◆ **Excerpted data**:

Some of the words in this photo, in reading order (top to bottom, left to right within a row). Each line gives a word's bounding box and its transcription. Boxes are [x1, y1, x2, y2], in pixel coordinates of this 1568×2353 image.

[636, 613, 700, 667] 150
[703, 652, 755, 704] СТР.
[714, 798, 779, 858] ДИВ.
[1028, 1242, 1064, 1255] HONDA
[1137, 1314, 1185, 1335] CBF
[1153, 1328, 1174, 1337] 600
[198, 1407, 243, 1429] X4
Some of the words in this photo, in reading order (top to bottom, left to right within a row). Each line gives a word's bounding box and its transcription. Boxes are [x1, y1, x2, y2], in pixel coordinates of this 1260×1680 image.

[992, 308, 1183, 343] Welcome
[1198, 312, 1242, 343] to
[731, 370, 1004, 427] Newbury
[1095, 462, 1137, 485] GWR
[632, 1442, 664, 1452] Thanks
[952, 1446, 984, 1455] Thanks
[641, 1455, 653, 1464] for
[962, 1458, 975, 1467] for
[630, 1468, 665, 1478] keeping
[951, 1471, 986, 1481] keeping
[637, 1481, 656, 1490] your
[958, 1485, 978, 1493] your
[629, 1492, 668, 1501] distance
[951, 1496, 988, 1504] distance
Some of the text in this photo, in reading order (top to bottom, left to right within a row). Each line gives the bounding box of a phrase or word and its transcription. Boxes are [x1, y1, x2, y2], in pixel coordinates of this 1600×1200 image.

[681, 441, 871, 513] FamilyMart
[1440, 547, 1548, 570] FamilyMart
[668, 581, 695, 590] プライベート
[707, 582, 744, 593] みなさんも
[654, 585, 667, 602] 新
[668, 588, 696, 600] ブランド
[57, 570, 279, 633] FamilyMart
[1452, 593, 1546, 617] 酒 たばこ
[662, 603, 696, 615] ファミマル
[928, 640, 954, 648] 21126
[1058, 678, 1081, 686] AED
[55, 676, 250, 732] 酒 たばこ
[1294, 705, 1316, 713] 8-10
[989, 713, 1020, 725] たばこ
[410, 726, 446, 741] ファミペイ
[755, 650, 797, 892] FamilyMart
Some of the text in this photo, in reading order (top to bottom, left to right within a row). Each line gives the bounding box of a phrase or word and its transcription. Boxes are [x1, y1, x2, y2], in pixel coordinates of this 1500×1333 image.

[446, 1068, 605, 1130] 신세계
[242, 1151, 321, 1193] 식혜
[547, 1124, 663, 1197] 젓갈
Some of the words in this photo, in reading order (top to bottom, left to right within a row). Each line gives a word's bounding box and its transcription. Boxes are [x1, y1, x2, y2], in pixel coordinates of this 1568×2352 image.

◆ **Directions**:
The data must be retyped in full, exactly as it reads.

◆ **Answer box**:
Some of the words in this photo, in reading order (top to bottom, left to right within a row). Each line gives a word's bounding box and its transcription. Boxes are [x1, y1, x2, y2], in pixel coordinates of this 1568×2353 image.

[636, 613, 700, 667] 150
[703, 652, 755, 704] СТР.
[714, 798, 779, 858] ДИВ.
[1028, 1242, 1064, 1255] HONDA
[1137, 1314, 1185, 1335] CBF
[1153, 1328, 1174, 1337] 600
[198, 1407, 243, 1429] X4
Some of the words in this photo, in reading order (top to bottom, left to right within a row). Each line gives a word's bounding box and its transcription. Boxes are [x1, y1, x2, y2], in pixel coordinates of this 1260×1680 image.

[992, 308, 1183, 343] Welcome
[1198, 312, 1242, 343] to
[731, 370, 1004, 427] Newbury
[1095, 462, 1137, 485] GWR
[632, 1442, 664, 1452] Thanks
[952, 1446, 984, 1455] Thanks
[641, 1455, 653, 1464] for
[962, 1458, 975, 1467] for
[630, 1468, 665, 1478] keeping
[951, 1471, 986, 1481] keeping
[637, 1481, 656, 1490] your
[958, 1485, 978, 1493] your
[629, 1492, 668, 1501] distance
[951, 1496, 988, 1504] distance
Some of the text in this photo, in reading order (top to bottom, left to right within a row). Each line gives the bounding box of a phrase or word and its transcription. Boxes are [x1, y1, x2, y2], in pixel coordinates of this 1600×1200 image.

[681, 441, 871, 513] FamilyMart
[1440, 547, 1548, 570] FamilyMart
[668, 581, 695, 590] プライベート
[707, 582, 744, 593] みなさんも
[654, 585, 667, 602] 新
[668, 588, 696, 600] ブランド
[57, 570, 279, 633] FamilyMart
[1452, 593, 1546, 617] 酒 たばこ
[662, 603, 696, 615] ファミマル
[928, 640, 954, 648] 21126
[1058, 678, 1081, 686] AED
[55, 676, 250, 732] 酒 たばこ
[1294, 705, 1316, 713] 8-10
[989, 713, 1020, 725] たばこ
[410, 726, 446, 741] ファミペイ
[755, 650, 797, 892] FamilyMart
Some of the text in this photo, in reading order (top to bottom, left to right within a row). Each line gives the bounding box of a phrase or word and its transcription. Boxes are [x1, y1, x2, y2], in pixel coordinates of this 1500×1333 image.

[446, 1068, 605, 1130] 신세계
[242, 1151, 321, 1193] 식혜
[547, 1124, 663, 1197] 젓갈
Some of the words in this photo, in reading order (top to bottom, left to right within a row). Each line gives a word's bounding box and its transcription. Boxes are [x1, y1, x2, y2], in pixel coordinates of this 1568×2352 image.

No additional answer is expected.